George Matarazzo

by Shawna Lewis

01/01/2012

“George was Italian,” his partner, Bill Ferguson, said, “and Italians in Brooklyn didn’t leave home until they got married. So when he wanted to move out of his parents’ house and in with me, a man, that was just too much for his family. It wasn’t going to work. We felt we had to move to another city if we wanted to stay together.”

In 1959, they moved from New York City to Tulsa, to be more comfortable. As backward as it sounds, Ferguson says they made the right choice.

“We took a trip to a number of different U.S. cities, to decide where we wanted to live. We considered Youngstown, Ohio, and some others. But we liked Tulsa most and decided to move here.”

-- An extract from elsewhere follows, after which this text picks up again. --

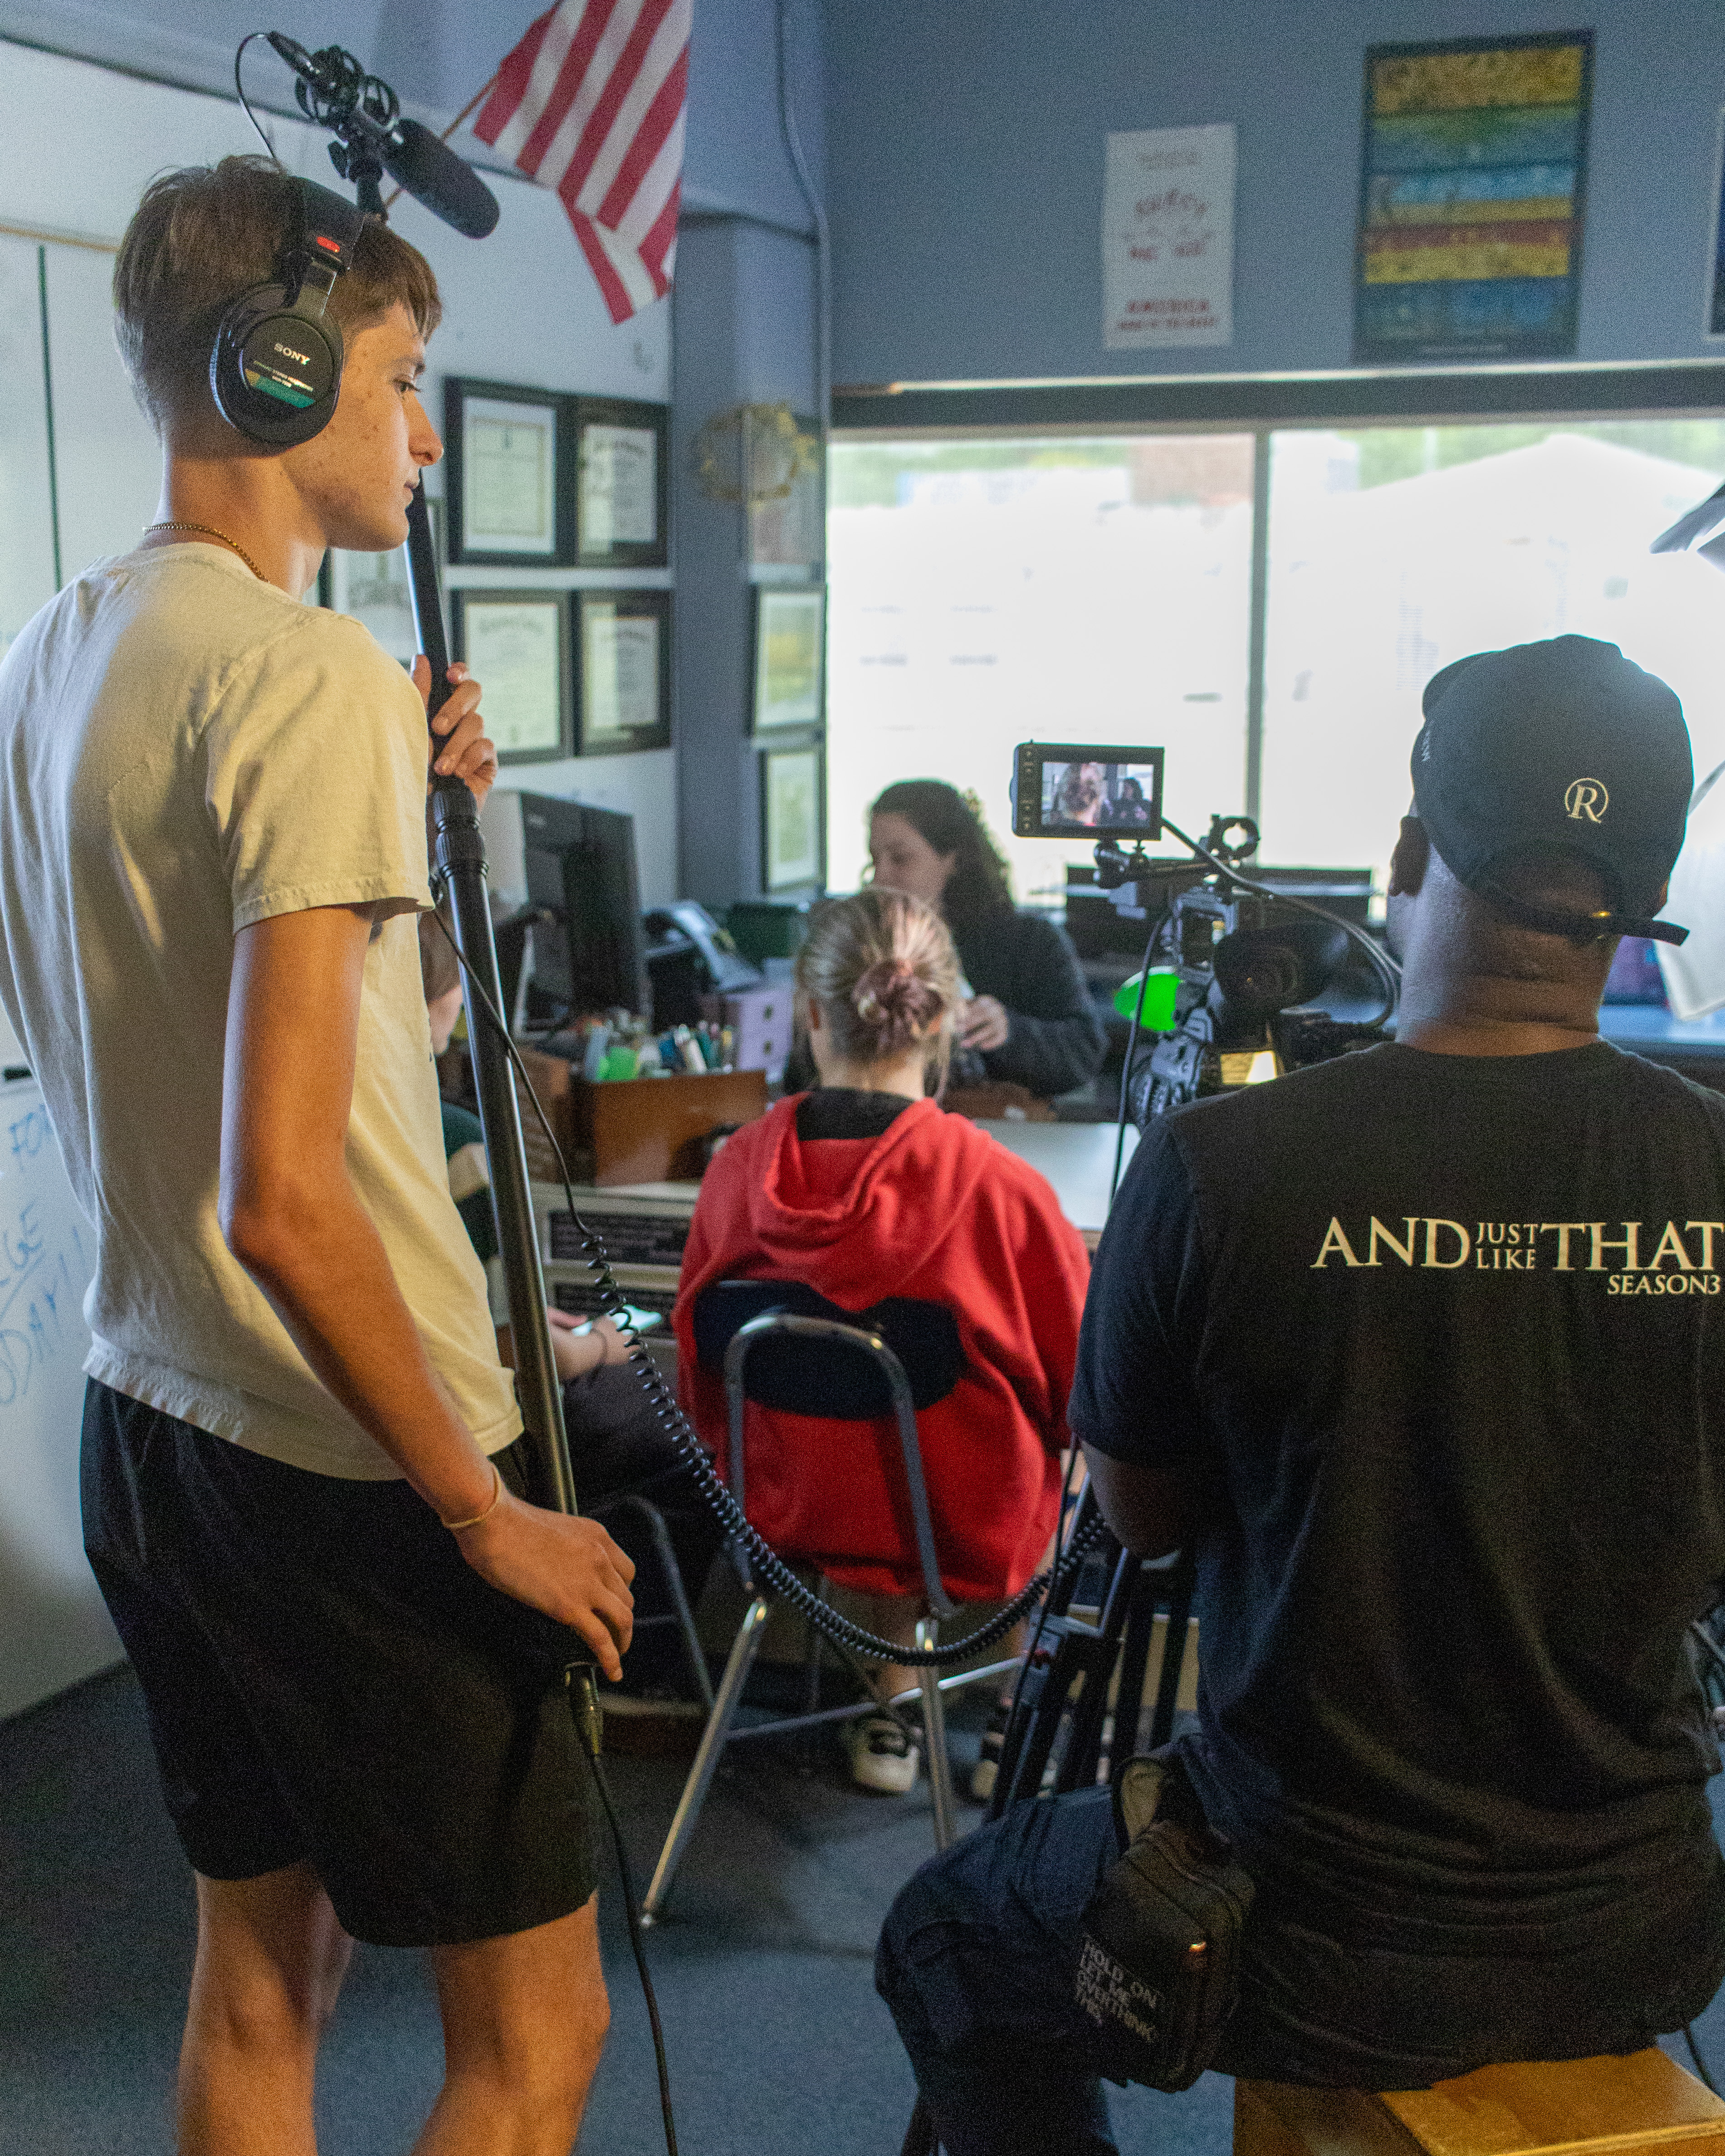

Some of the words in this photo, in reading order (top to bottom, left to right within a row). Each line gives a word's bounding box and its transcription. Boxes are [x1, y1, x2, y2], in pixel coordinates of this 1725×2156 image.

Ferguson remembers late-‘50s Tulsa as a small city with a lot of farmland, and kind people. Still, he and Matarazzo felt they couldn’t be very open about their sexual orientation.

“We were still living in secret,” he said. “We were still technically ‘in the closet.’We considered ourselves a couple, but didn’t go out of our way to let people know. When they asked, we were honest, but we only discussed it with people we became close to. It’s just that it was 1959.”

Together with a few other partners, Matarazzo and Ferguson opened Frame of Mine Gallery in Brookside. It was an art gallery, gift shop, and do-it-yourself framing boutique all-in-one that lasted 26 years.

“The company George worked for moved to Houston,” Ferguson said, “and we weren’t sure what we were going to do. We had visited a little framing shop that we liked some time earlier, and we considered doing something similar ourselves. It was nice to be able to work together for so many years.”

They eventually sold the gallery to retire. Matarazzo took up charity work, volunteering for Our House, an organization that supports AIDS patients.

“A very good friend of his—a lady who went to our church—had a son who died of AIDS. She fixed up a rundown house and used it for the patients. They provided a meal, a game of cards, a place to sit and watch television, just whatever they needed that day. George got involved with the cooking, because he really loved to cook.”

Toby Jenkins of Oklahomans for Equality said that Matarazzo and Ferguson were “the oldest long-term gay couple in Tulsa,” having been together 55 years.

“I’m not sure how he even knows that,” Ferguson said with a laugh, “except that he knows every gay couple in town. If anybody would know, he would. And I’d imagine he’s right, because we’ve known older couples who were together longer, but they’ve since passed away, and I can’t think of anyone else who would’ve beaten us.”